Blind Thamyris and blind Maeonides,
And Tiresias and Phineus Prophets old.
Then feed on thoughts, that voluntarie move
Harmonious numbers; as the wakeful Bird
Sings darkling, and in shadiest Covert hid
Tunes her nocturnal Note. Thus with the Year
Seasons return, but not to me returns
Day, or the sweet approach of Ev'n or Morn,
Or sight of vernal bloom, or Summers Rose,
Or flocks, or herds, or human face divine;
But cloud in stead, and ever-during dark
Surrounds me, from the chearful waies of men
Cut off, and for the Book of knowledg fair
Presented with a Universal blanc
Of Natures works to mee expung'd and ras'd,
And wisdome at one entrance quite shut out.
So much the rather thou Celestial light
Shine inward, and the mind through all her powers
Irradiate, there plant eyes, all mist from thence
Purge and disperse, that I may see and tell
Of things invisible to mortal sight.


On Time By John Milton

Fly envious Time, till thou run out thy race,
Call on the lazy leaden-stepping hours,
Whose speed is but the heavy Plummets pace;
And glut thy self with what thy womb devours,
Which is no more then what is false and vain,
And meerly mortal dross;
So little is our loss,
So little is thy gain.
For when as each thing bad thou hast entomb'd,
And last of all, thy greedy self consum'd,
Then long Eternity shall greet our bliss
With an individual kiss;
And Joy shall overtake us as a flood,
When every thing that is sincerely good
And perfectly divine,
With Truth, and Peace, and Love shall ever shine
About the supreme Throne
Of him, t'whose happy-making sight alone,
When once our heav'nly-guided soul shall clime,
Then all this Earthy grosnes quit,
Attir'd with Stars, we shall for ever sit,
Triumphing over Death, and Chance, and thee O Time

Solitude By Alexander Pope

Happy the man, whose wish and care
A few paternal acres bound,
Content to breathe his native air
In his own ground.

Whose herds with milk, whose fields with bread,
Whose flocks supply him with attire;
Whose trees in summer yield shade,
In winter, fire.

Blest, who can unconcern'dly find
Hours, days, and years, slide soft away
In health of body, peace of mind, Quiet by day.

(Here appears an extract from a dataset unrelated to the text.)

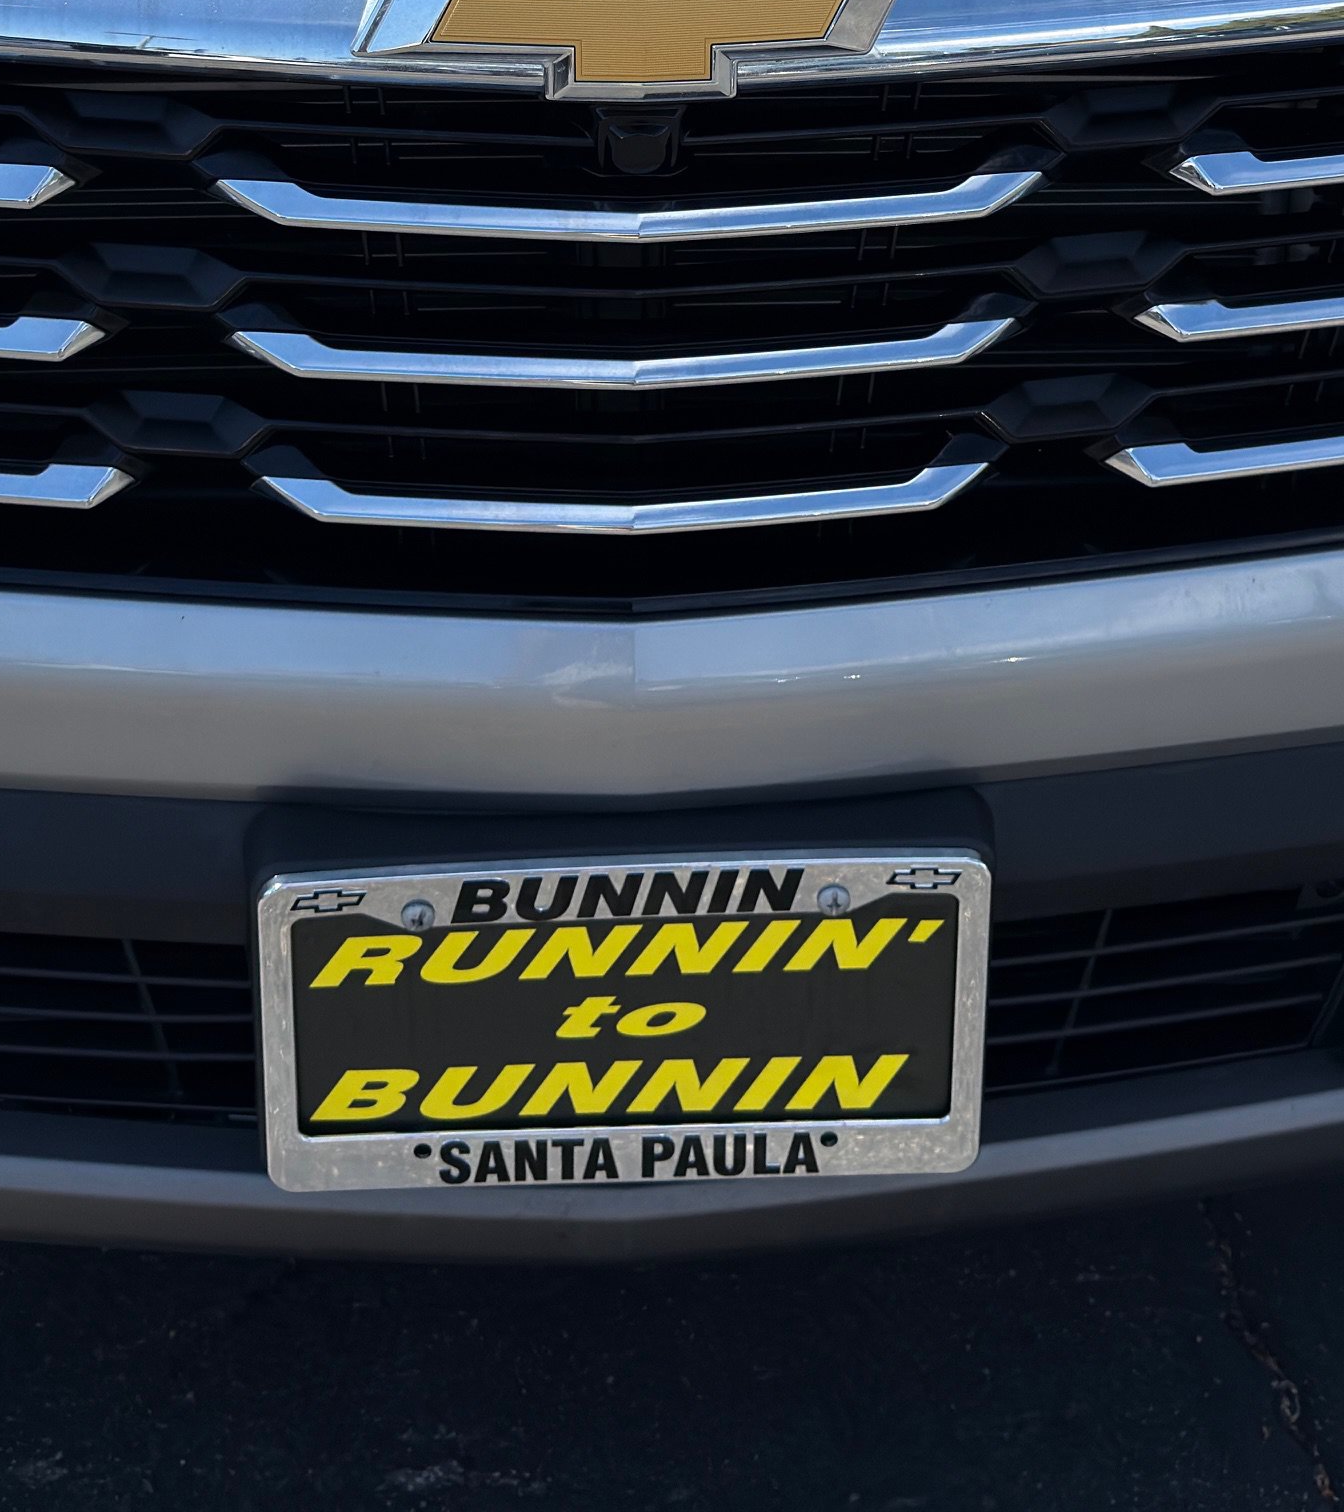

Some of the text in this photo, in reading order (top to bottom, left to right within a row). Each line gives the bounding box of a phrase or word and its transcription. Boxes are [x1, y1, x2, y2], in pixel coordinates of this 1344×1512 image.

Sound sleep by night; study and ease
Together mixed; sweet recreation,
And innocence, which most does please
With meditation.

Thus let me live, unseen, unknown;
Thus unlamented let me die;
Steal from the world, and not a stone
Tell where I lie.


The Riddle Of The World By Alexander Pope

Know then thyself, presume not God to scan
The proper study of Mankind is Man.
Placed on this isthmus of a middle state,
A Being darkly wise, and rudely great:
With too much knowledge for the Sceptic side,
With too much weakness for the Stoic's pride,
He hangs between; in doubt to act, or rest;
In doubt to deem himself a God, or Beast;
In doubt his mind and body to prefer;
Born but to die, and reas'ning but to err;
Whether he thinks to little, or too much;
Chaos of Thought and Passion, all confus'd;
Still by himself, abus'd or disabus'd;
Created half to rise and half to fall;
Great Lord of all things, yet a prey to all,
Sole judge of truth, in endless error hurl'd;
The glory, jest and riddle of the world.